For tomorrow’s connected enterprises, this will bring about a shift in connectivity priorities. Whereas speed and bandwidth might have formerly been key focal points, in a world of interconnectedness
and hyper-automation, robustness, reliability and data integrity will inevitably move up in the list of priorities
. Possibly to the point where risk-sharing agreements between connectivity providers and connectivity users become commonplace as a means of mitigating the extensive financial damages associated with even the slightest downtime of critical connectivity.

3 Tips for future-proofing

1. Prepare for a world of live-data fueled decision machines

Whether referred to as intelligent automation, hyper-automation, robotic process automation, Industry 4.0 or Industrial internet of things; the core message is the same: in order to stay competitive in the future, enterprises regardless of industry will need to learn to successively delegate more and more daily operating decisions to ”machines fueled by live data”. In the same way that no enterprise can function without electricity, none of tomorrow’s successful connected enterprises will be able to do without automation and AI.

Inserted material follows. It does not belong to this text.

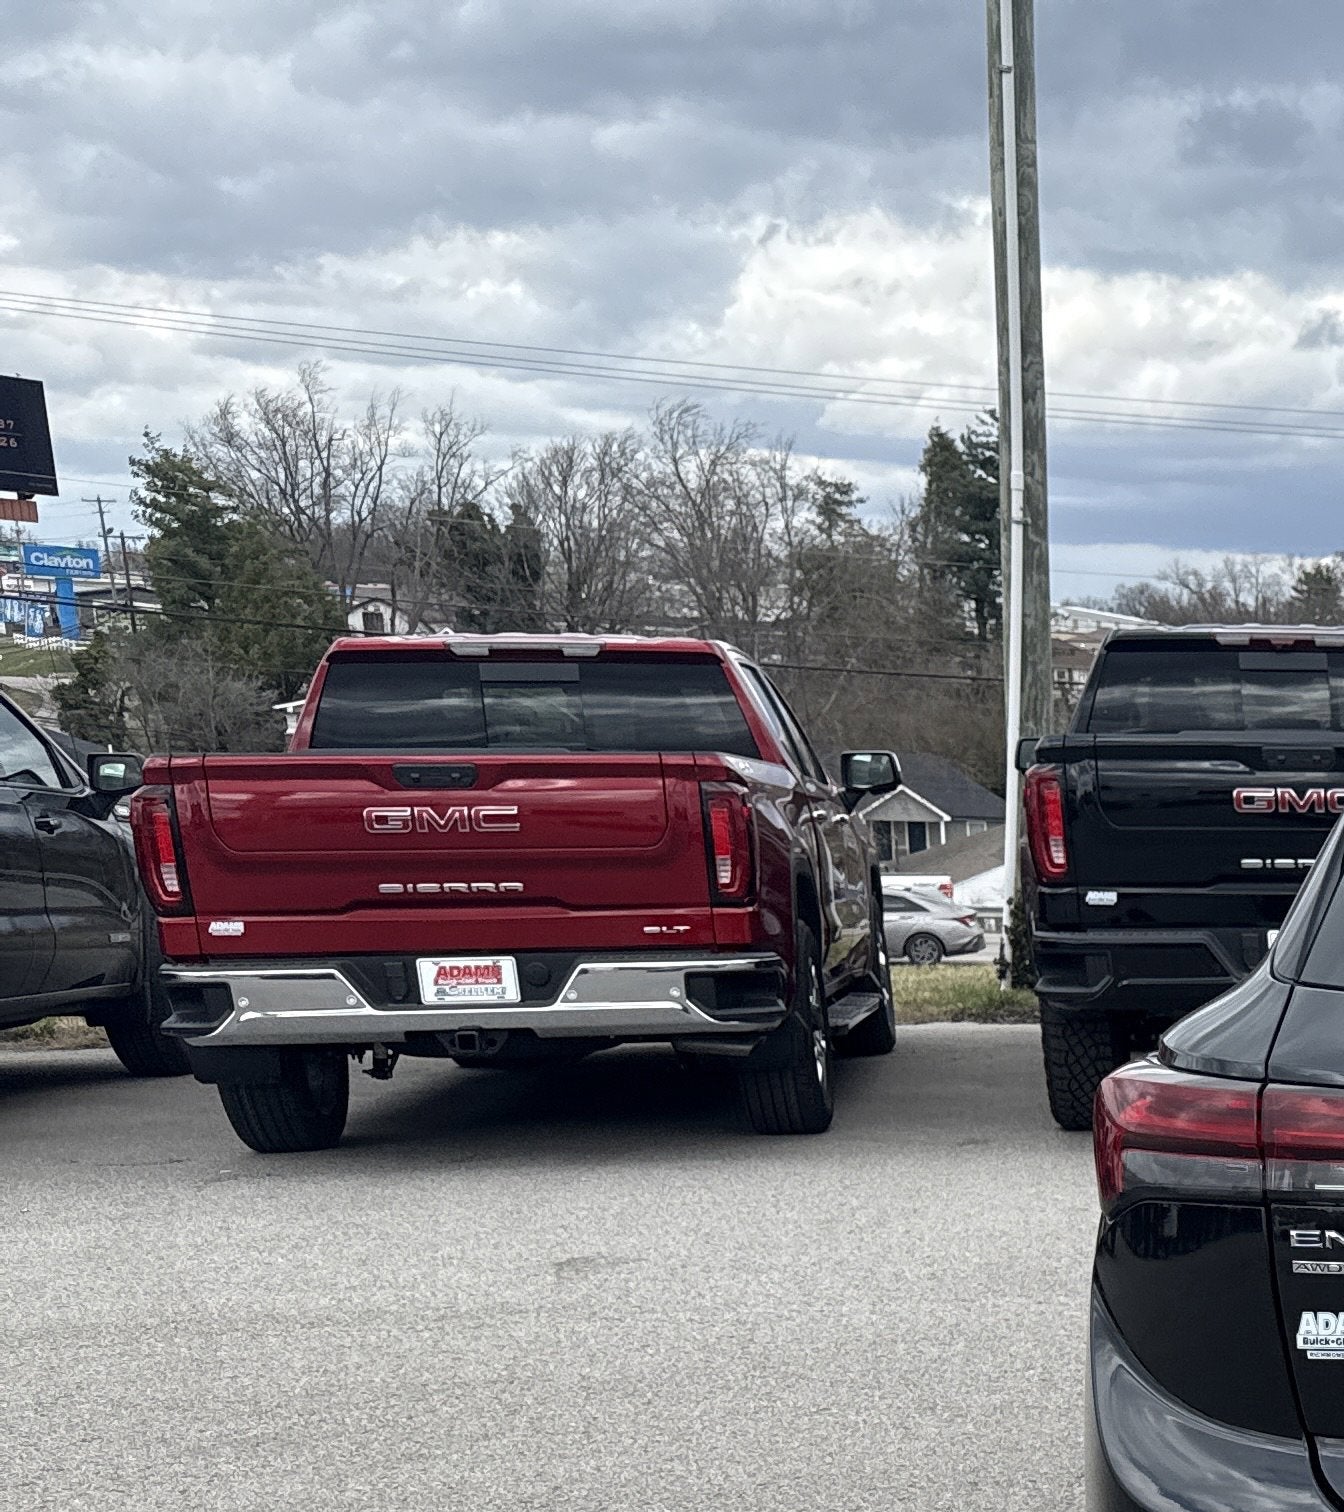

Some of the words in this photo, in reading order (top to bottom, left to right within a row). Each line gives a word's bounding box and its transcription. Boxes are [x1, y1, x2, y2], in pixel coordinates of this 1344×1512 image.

[30, 551, 94, 570] Clayton
[363, 805, 521, 833] GMC
[378, 882, 524, 893] SIERRA
[1293, 1262, 1343, 1274] AWD

2. Demand robust and reliable infrastructures

In parallel with delegating more and more of operational decisions to intelligent automation, tomorrow’s successful enterprises should become comfortable in outlining service-level agreements with connectivity providers that put robustness and reliability of the digital infrastructure front and centre in the list of demands. Because in a future  where all connectivity will be business-critical connectivity, even minor downtimes or glitches will end up having far-reaching negative consequences for operations, finance and reputation.

3. Dare to think big

Ultimately, truly game-changing leaps in efficiency happen when companies realize that beyond improving existing processes, technology can be used to reimagine processes altogether. Similar to how visionaries 70 years ago saw that the car was not merely a means of getting from A to B faster, but also a way of getting to C (suburbs, malls) and thus skipping B altogether, tomorrow’s successful connected enterprises will be the ones that dare to embrace the full disruptive potential of a hyper-automated world.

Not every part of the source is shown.